Problem to work on = Copy the listing below in full and skip every picture.

+ + + + +

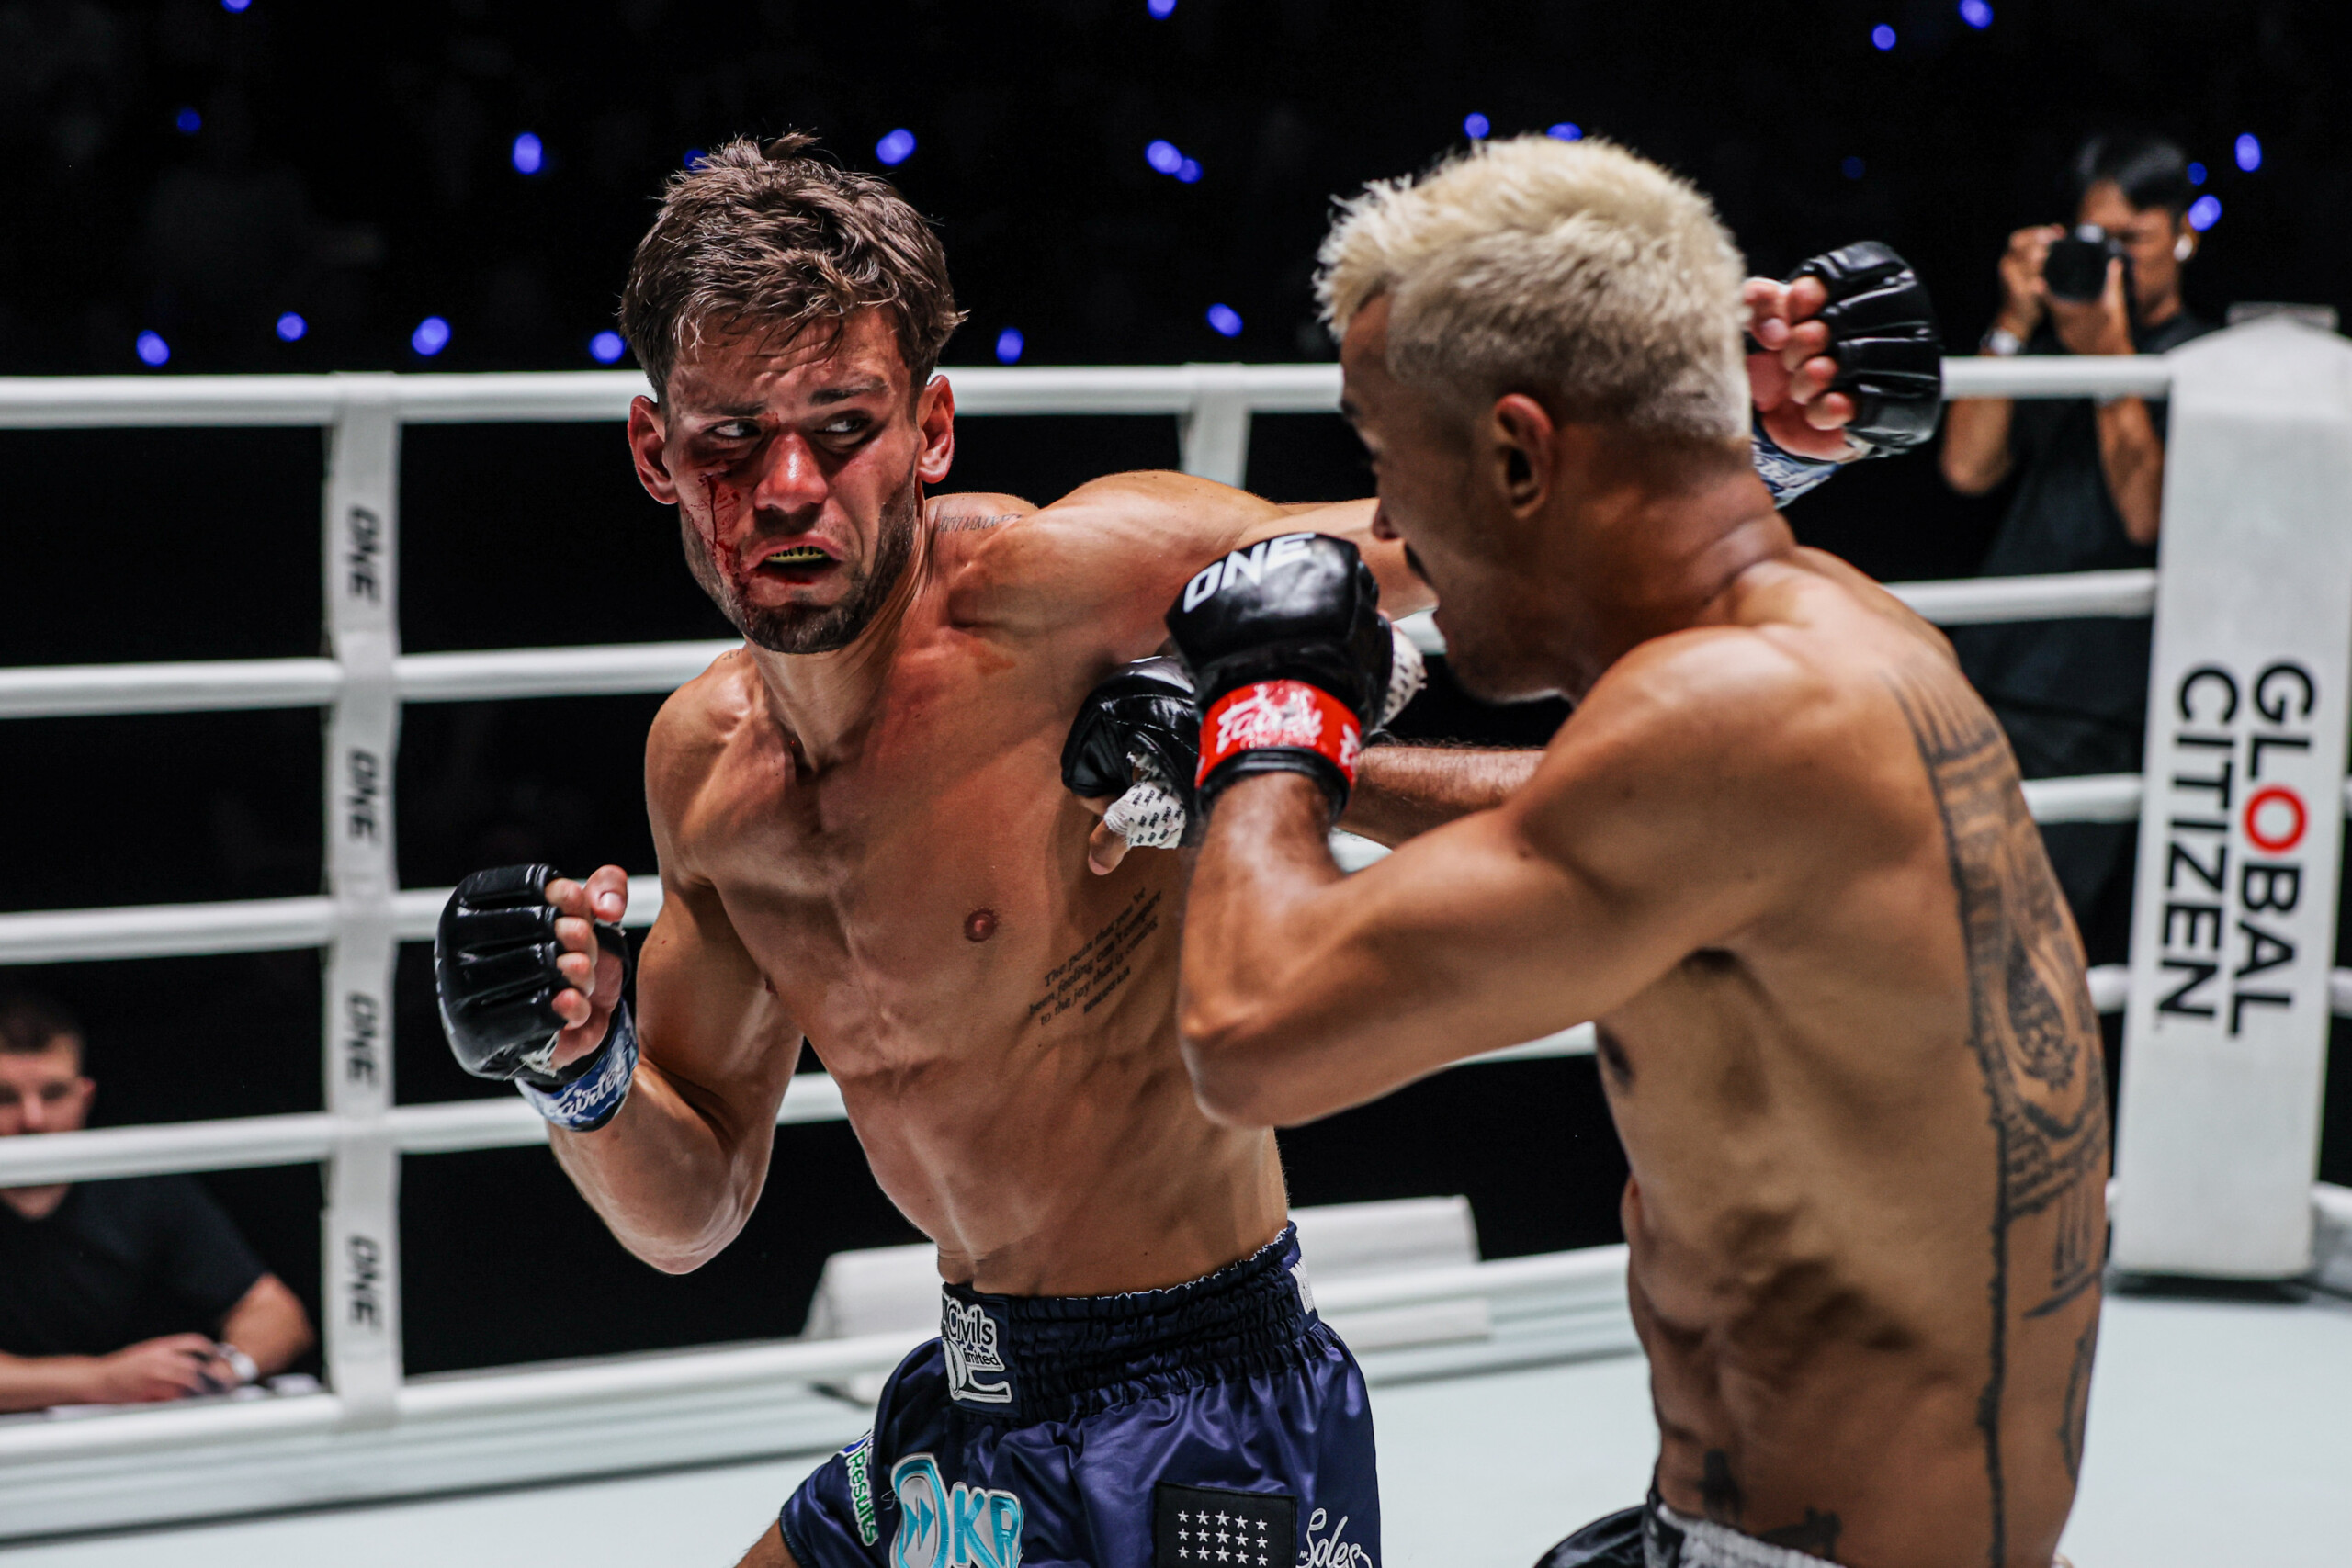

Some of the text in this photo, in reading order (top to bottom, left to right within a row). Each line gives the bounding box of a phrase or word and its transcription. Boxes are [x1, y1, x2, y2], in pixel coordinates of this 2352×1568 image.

[346, 504, 382, 605] ONE
[1182, 532, 1316, 614] ONE
[346, 749, 381, 846] ONE
[2156, 664, 2239, 1020] CITIZEN
[2228, 660, 2316, 1038] GLOBAL
[345, 992, 380, 1089] ONE
[1040, 1012, 1052, 1026] to
[1054, 998, 1071, 1016] the
[1071, 981, 1091, 1007] joy
[346, 1235, 382, 1335] ONE
[948, 1304, 994, 1345] Civils
[849, 1450, 879, 1544] Results
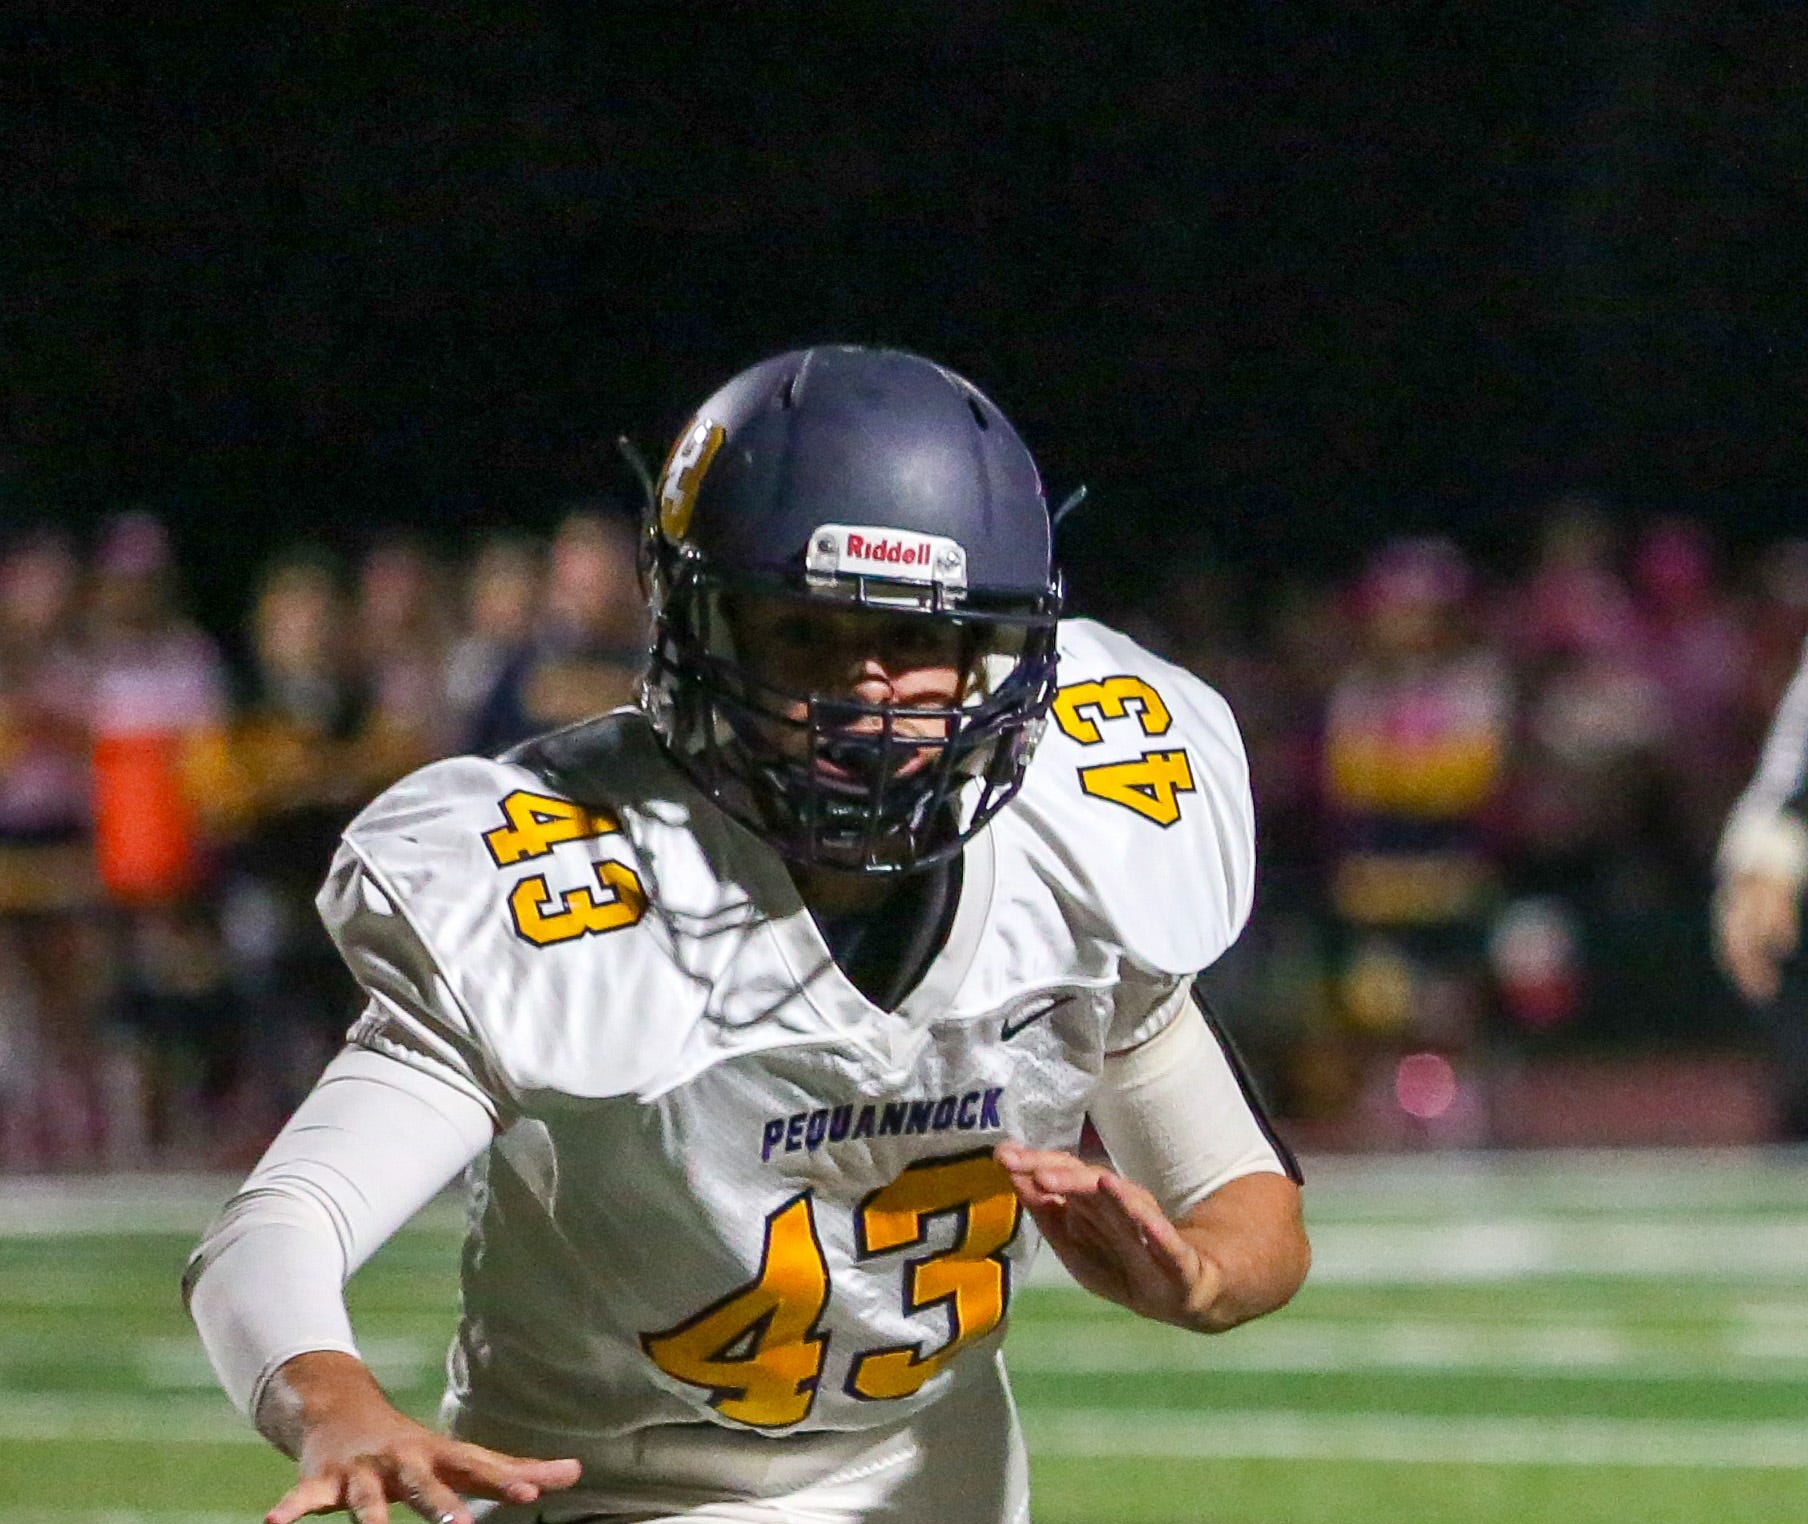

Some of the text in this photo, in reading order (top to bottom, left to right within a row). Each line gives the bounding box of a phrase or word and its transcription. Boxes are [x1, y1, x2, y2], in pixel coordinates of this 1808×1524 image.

+ + + + +

Result of the task =
Some of the text in this photo, in reading order (top to bottom, left to right within a row). Each line gives the bounding box of a phrase or word and its transcription. Boxes are [x1, y1, x2, y2], in pixel coordinates of this 2352×1568 image.

[346, 504, 382, 605] ONE
[1182, 532, 1316, 614] ONE
[346, 749, 381, 846] ONE
[2156, 664, 2239, 1020] CITIZEN
[2228, 660, 2316, 1038] GLOBAL
[345, 992, 380, 1089] ONE
[1040, 1012, 1052, 1026] to
[1054, 998, 1071, 1016] the
[1071, 981, 1091, 1007] joy
[346, 1235, 382, 1335] ONE
[948, 1304, 994, 1345] Civils
[849, 1450, 879, 1544] Results

Some of the text in this photo, in reading order (top to bottom, left to right within a row). Each line gives the bounding box of a phrase or word and its transcription. Boxes are [x1, y1, x2, y2], in pixel coordinates of this 1808×1524 image.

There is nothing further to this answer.